This city’s lenience with bicycle riders and their many sins is legendary. While punishments for causing serious accidents are (apparently) harsh and the laws are (apparently) strict, it’s otherwise OK to tear down the middle of a crowded sidewalk at top speed, after dark with no lights or reflectors, or loaded up with a kid seat on the front and back and half a day’s grocery shopping. Ride on the road, like cyclists in other countries? Why that would be madness. Many times I’ve had to jump out the way of a cyclist on the sidewalk while the road itself was completely car free.

Have I mentioned that I hate cyclists? OK, I’m coming out with it: I hate cyclists. I don’t mean the rare kind who behave like road vehicles, ride safely, park out of the way and acknowledge red lights. I mean the ones who act like pedestrians with superpowers, who think it’s their right to push to the front of any crowd by ringing their bell and race around blind corners while looking at something on the 20th floor and reading a text message. One of the most satisfying things I’ve ever seen was two cyclists doing exactly that, who met each other at high speed at a 90 degree angle (the other was a rider who tried to rip between two concrete posts without noticing the chain link, but I kind of felt sorry for him).

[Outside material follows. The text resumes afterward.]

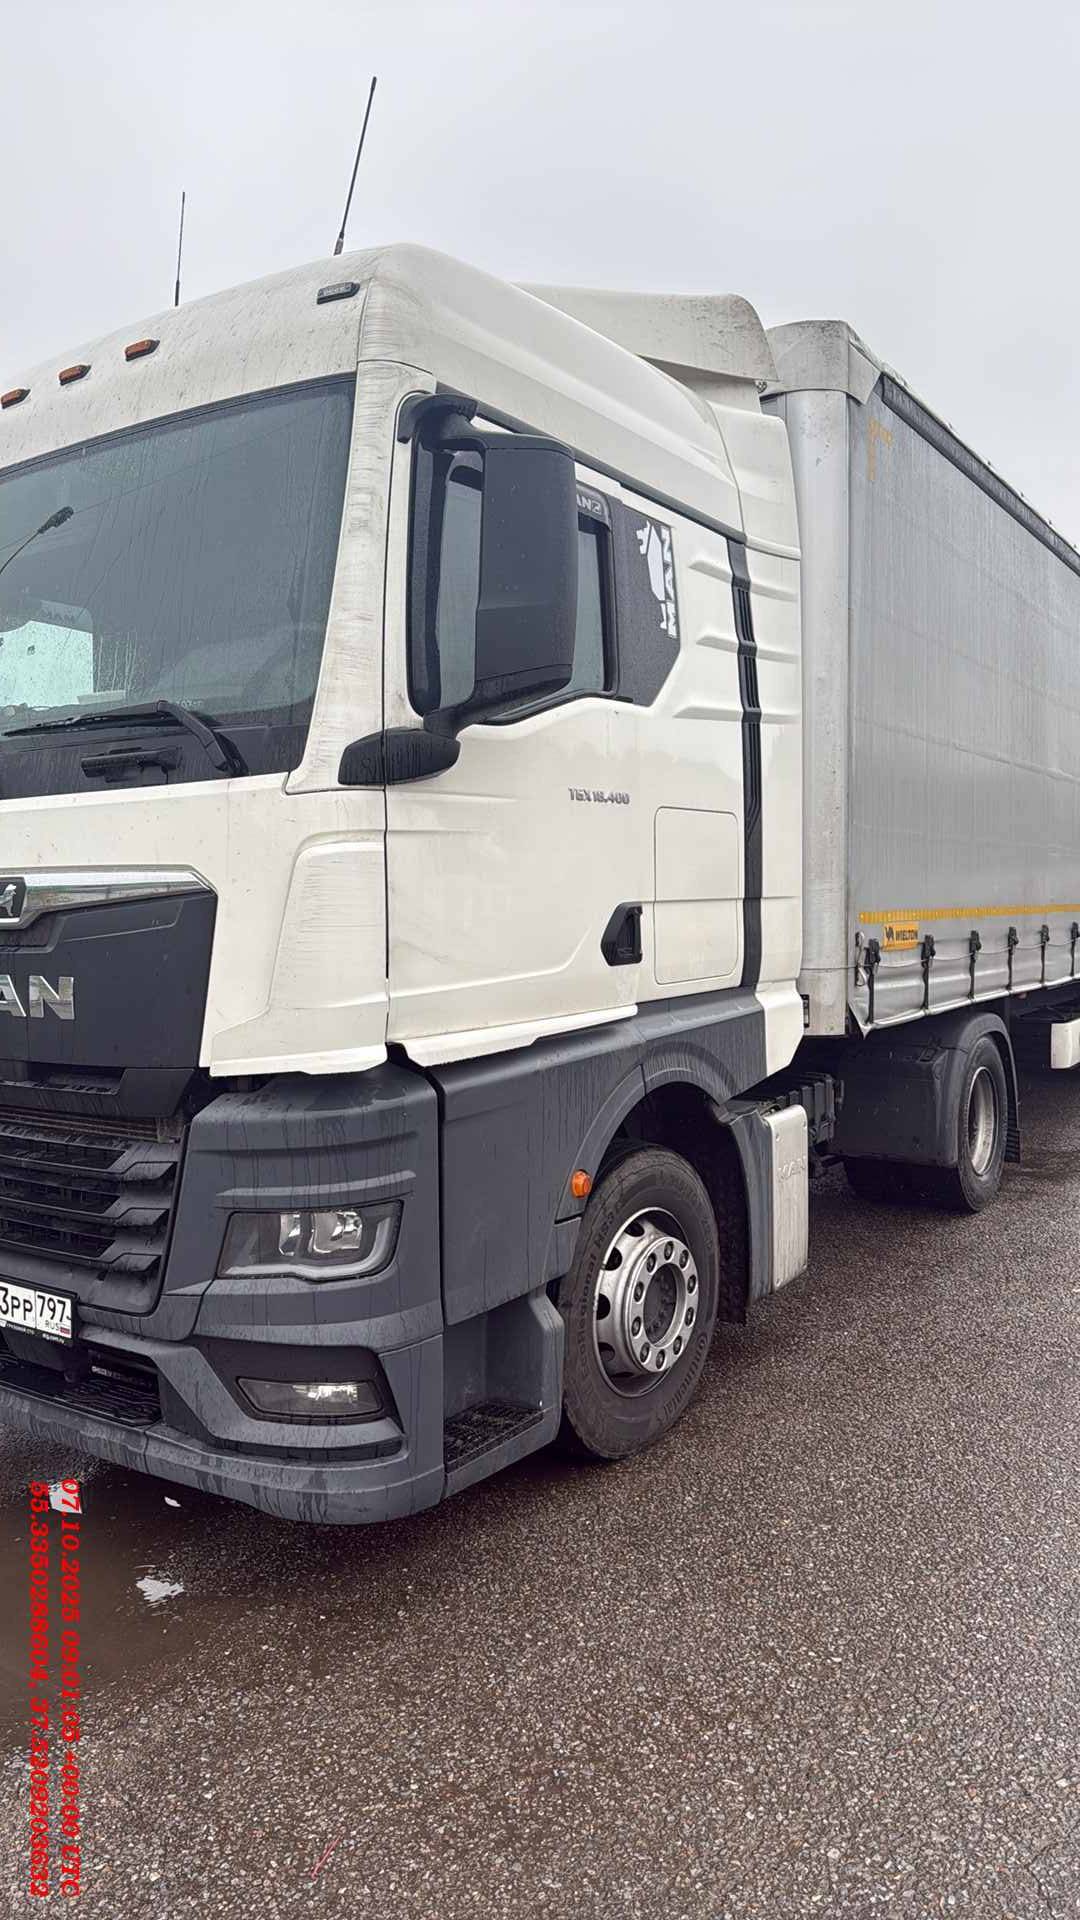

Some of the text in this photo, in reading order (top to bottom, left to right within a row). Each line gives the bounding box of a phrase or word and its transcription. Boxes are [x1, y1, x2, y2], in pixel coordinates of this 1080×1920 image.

There are two kinds of people in Tokyo (yes, only two): those who ride bicycles, and those with a closet loathing for those who ride bicycles. Most people don’t express their views in daily life, but get them started on the topic, and oh boy.

I should disclose something here, too: I ride a scooter. Motorbikes are awesome and everyone should have one. But I hardly ever ride it, since parking on a sidewalk will earn you a ¥9000 fine (around $80) and two points off your driver’s licence at the next review. Not so for bicycles. A common feature here is the ‘no bicycle parking’ sign, which is almost always surrounded by about a hundred bicycles. (So before anyone accuses me of having double standards, I want to point out that one scooter parked outside a building is easier to walk past than 100 bicycles, many of which are parked right across the walkway. I have no beef with bicycles parked discreetly or alone.)

Biketruck

saving the city, one truckload at a time

A hundred bicycles, that is, until these guys show up. Long rumored to exist, most folks can go years without ever seeing them. They are my heroes. It’s their job simply to remove bicycles from the sidewalk and take them away in a big truck, to be impounded and hopefully poured into the crater of Shinmoedake. I sat and had a coffee while I watched them turn an impassable street corner into something clearer and more civic-minded; it was magical. See how those two girls are now able to walk down the street without dodging or barking their shins on a kickstand?

But even then, bike owners were cut too much slack. Several of them returned to their vehicles while they were being removed, had a polite conversation with the removers, and received their bicycles back. What? Where’s the gung-ho, wheel-clamping spirit of parking contract workers in other parts of the world? In any Western country, the likely scenario would involve a screaming match, possibly tears, and you not getting your bicycle back without visiting an impound lot and paying a fine. Don’t these guys have quotas to fill or something? Obviously, as government workers there’s no profit motive for them. The solution would be to turn their jobs over to the private companies who regulate motorbike parking (yes, I’m bitter). The streets would become both safer and easier to navigate overnight.